*WORK TO BE COMPLETED*.
All entries below must be written out verbatim, and the images must be dropped.

----

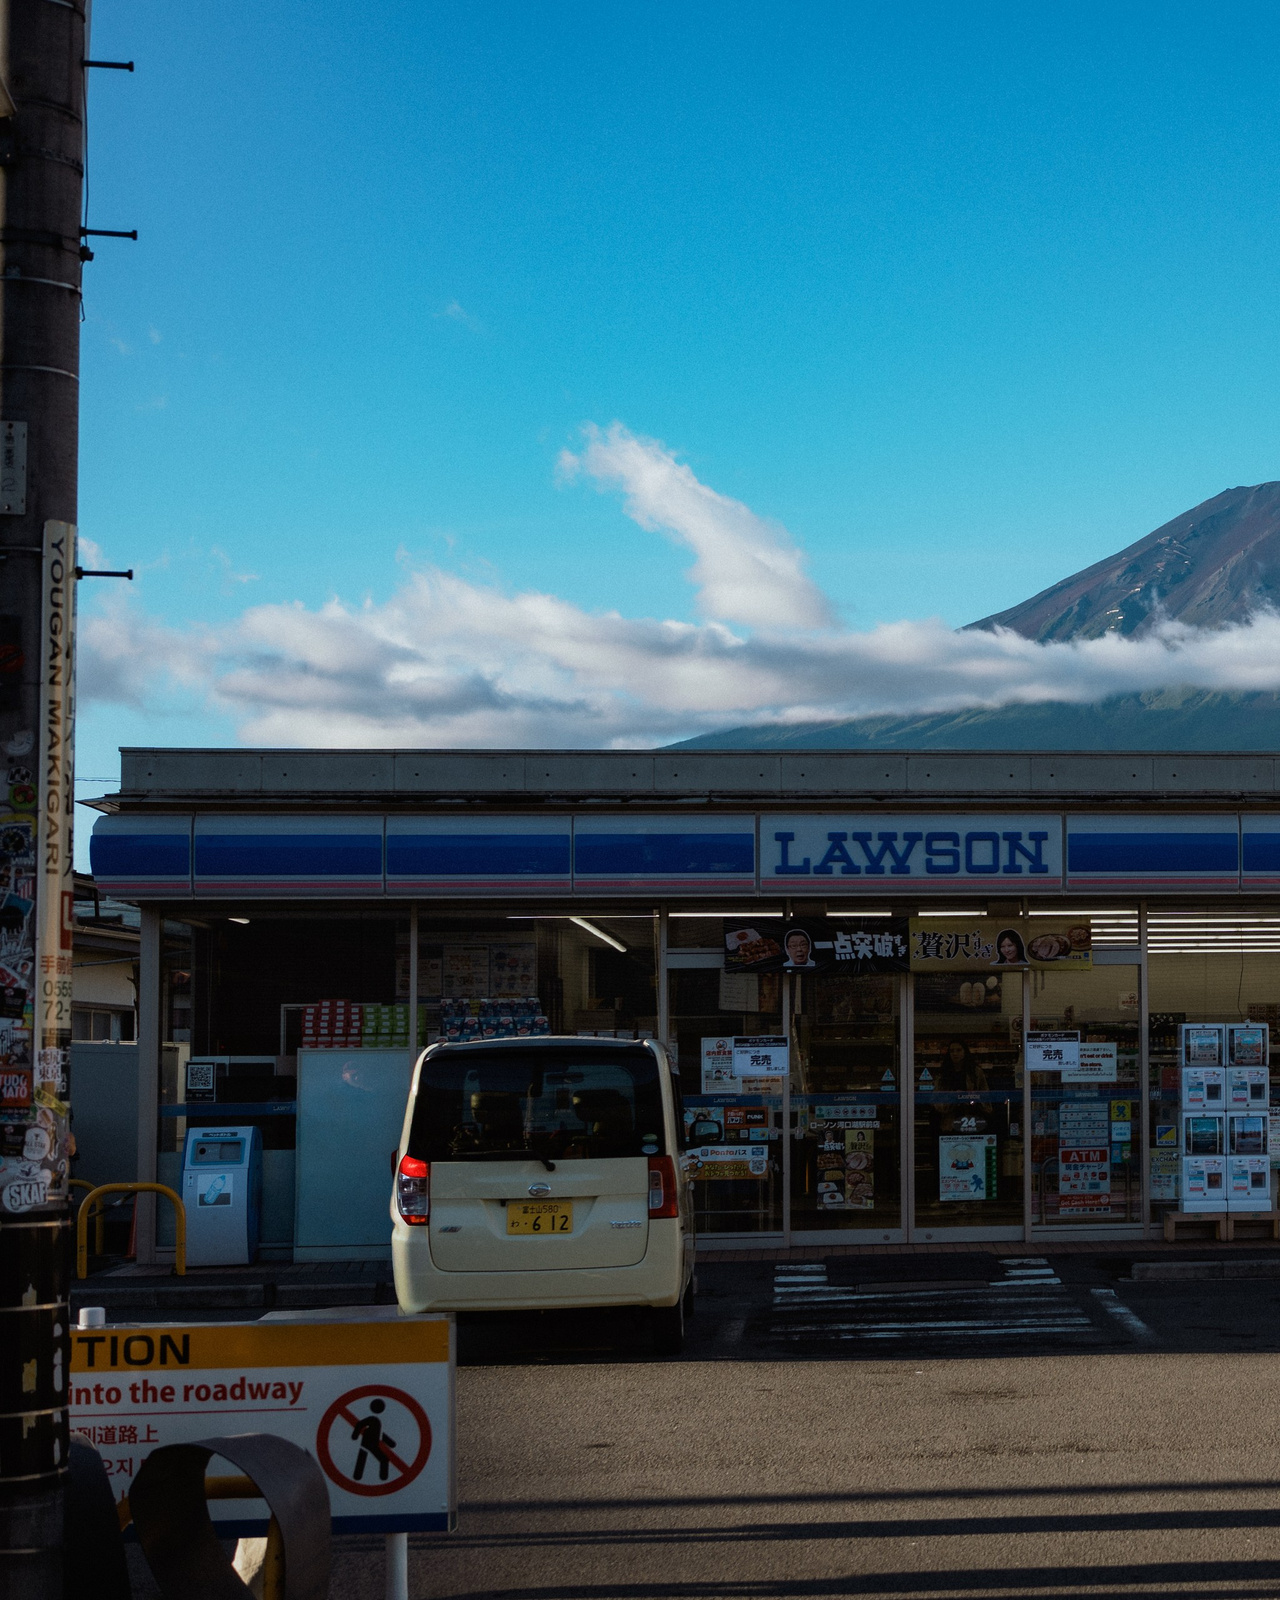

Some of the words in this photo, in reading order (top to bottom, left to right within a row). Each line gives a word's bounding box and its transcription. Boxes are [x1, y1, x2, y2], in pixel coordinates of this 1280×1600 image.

[49, 536, 65, 687] YOUGAN
[46, 699, 62, 875] MAKIGARI
[774, 832, 1046, 874] LAWSON
[43, 1001, 72, 1021] 72-
[750, 1055, 772, 1066] 完売
[1042, 1049, 1063, 1060] 完売
[960, 1117, 976, 1128] 24
[1069, 1150, 1100, 1162] ATM
[1065, 1163, 1104, 1171] 現金チャージ
[69, 1334, 190, 1367] TION
[68, 1383, 122, 1405] into
[129, 1379, 175, 1403] the
[183, 1376, 304, 1405] roadway
[70, 1424, 159, 1445] 到道路上

----

*SOLUTION TO THIS EXERCISE*.
Some of the words in this photo, in reading order (top to bottom, left to right within a row). Each line gives a word's bounding box and its transcription. Boxes are [x1, y1, x2, y2], in pixel coordinates of this 1280×1600 image.

[49, 536, 65, 687] YOUGAN
[46, 699, 62, 875] MAKIGARI
[774, 832, 1046, 874] LAWSON
[43, 1001, 72, 1021] 72-
[750, 1055, 772, 1066] 完売
[1042, 1049, 1063, 1060] 完売
[960, 1117, 976, 1128] 24
[1069, 1150, 1100, 1162] ATM
[1065, 1163, 1104, 1171] 現金チャージ
[69, 1334, 190, 1367] TION
[68, 1383, 122, 1405] into
[129, 1379, 175, 1403] the
[183, 1376, 304, 1405] roadway
[70, 1424, 159, 1445] 到道路上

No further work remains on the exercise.